You get what you give

This post has been in my draft folder for a while, but I got a letter recently that reminded me of it. So I’m going to get these thoughts out of my head today. Over the summer, Meredith Farkas wrote,

Something I frequently think about when I go to conferences is the whole idea of “service to the profession.” I’m not a fan of the idea that librarians must provide service outside of their daily work and I think, for way too long, there was a very specific prescription for how one even could provide service to the profession. I guess it’s the obstinate anti-authoritarian in me that hates being told that I need to do anything. On the flip side, I have discovered that helping and sharing with other librarians is really fun, whether it’s sharing knowledge or code, serving on a committee, teaching, writing or just sitting down with a colleague and showing them how something works. Even if it wasn’t fun, it’s worth helping your colleagues, because we would want someone to do the same for us (and we may need them to do the same for us one day).

I agree with her. I don’t want to be forced to do things — it goes against my generally stubborn and independent nature. But I do want to help. I think it’s fun to help people — or else I’d have stayed in my cataloger’s corner, never venturing out into public service and administration. (I still hate working at the Reference desk, but that’s another issue entirely.) It’s fun to interact, assist, and learn from and with colleagues, peers, students, intern, and volunteers.

But you know what? It’s a lot of work.

Let me repeat that. It’s a lot of work to help people.

Over the past year, my library hosted a volunteer and an intern (both local LIS grad students). I worked closely with the volunteer, and managed the work and progress of the intern. And it took a lot of time and effort to manage those projects, writing up project plans, discussing options, making sure that there was enough daily work but not too much, doing quality control, talking with the participants, writing evaluations,  helping them understand our work, answering their questions, training them, and facilitating the whole process. And none of that is a part of my daily work — it’s an add-on — but all of which is part of my commitment to our profession.

I wanted to help the volunteer learn more about libraries, and nurture her curiosity and interest in academic collections. I wanted to offer her some insight into the behind-the-scenes administrivia that come with being a professional librarian, above and beyond the theory that her graduate program is providing. I wanted to talk with her and maybe help her crystallize some of her career goals. The same goes with the intern — I wanted to give her a productive, honest, and realistic look at what a cataloging librarian does every day.

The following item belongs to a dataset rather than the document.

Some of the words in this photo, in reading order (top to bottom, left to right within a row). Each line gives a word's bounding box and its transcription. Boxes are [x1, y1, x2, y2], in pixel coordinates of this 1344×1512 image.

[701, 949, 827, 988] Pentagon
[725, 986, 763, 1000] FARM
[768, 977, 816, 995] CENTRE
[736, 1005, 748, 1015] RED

I wanted her to see the systems and services that support the metadata and classification theory she’s learning. I wanted her to see how messy our decision-making processes sometimes have to be. I wanted to give a little something back.

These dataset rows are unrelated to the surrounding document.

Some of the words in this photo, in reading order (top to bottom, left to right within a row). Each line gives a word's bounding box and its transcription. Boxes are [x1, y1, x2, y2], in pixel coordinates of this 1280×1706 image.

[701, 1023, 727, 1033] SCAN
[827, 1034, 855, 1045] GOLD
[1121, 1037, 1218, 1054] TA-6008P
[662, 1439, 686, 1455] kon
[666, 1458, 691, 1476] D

Because I was given a lot. As a freshly graduated BA, I worked for a year in my undergraduate library (where I had worked the four preceding years as a student) as a paraprofessional staff member. And I learned a lot. My paraprofessional colleagues, my boss, the director, the administrative librarians, the reference staff, the catalogers… they all opened up their work to my scrutiny, welcomed my questions, gave me some really cool projects to work on, and generally taught me more than I knew I needed to learn about what a library is and does. And then I applied to graduate school, because what they taught me was that I could work in a library forever and not get bored, and that I would be a welcome addition to the profession.

I’ve also been blessed with good directors who believe in mentoring new professionals and allowing them to grow, and my curiosity remains indefatigable because my peers and my leaders and my colleagues and my institutions have all continued to support, understand, and feed my desire to know more.

I want to give some of that back when people need or want it. And if that’s a lot of work, well, that’s the price, I guess. I got a nice letter from the graduate school the intern is attending, thanking me for my generosity with my time and energy.  That, and a sense of pride at contributing to the professional growth of a new librarian, is all I’ll get for it.

And that’s enough.  Even if it is hard work.

Now playing: Terry Oldfield – Mountain Path
via FoxyTunes


  1. So … I doubt you meant it that way, but “stayed in my my cataloger’s corner…?”

    So we don’t help people? Of course, you betrayed that (possible) sentiment anyway by your discussion of helping the intern. 😉

    So just a very minor point about something I’m not sure you even really meant and perhaps only phrased poorly. But I truly enjoy helping people, too, I am a cataloger AND I help people. 🙂


  2. I agree with you. I started out helping the profession because I had to (part of our promotion requirements). I do it now because I want to. I get a lot out of it. And while helping interns and newer professionals is a lot of work; I’ve also found that they teach me. They ask those questions that I now take for granted and that is a fabulous reminder of why I love what I do.


  3. Mark, of course, you’re right. 😉

    I meant, more accurately, that if I’d wanted to stay away from the very public help desk environment (be it ref or circ or info commons), I should have stayed in my cataloger’s corner (and some days I wish I had; it was a nice office!). Catalogers can and do help people, both directly and indirectly, and I appreciate that fully.


  4. I knew you did, and after 6 years on the front lines in Access Services I love and appreciate those folks (and reference, too) but leave me in my corner. 🙂

    Actually, I do like more direct interaction, too, just not so much of it. One of the biggest pleasures in my life is in directly helping people.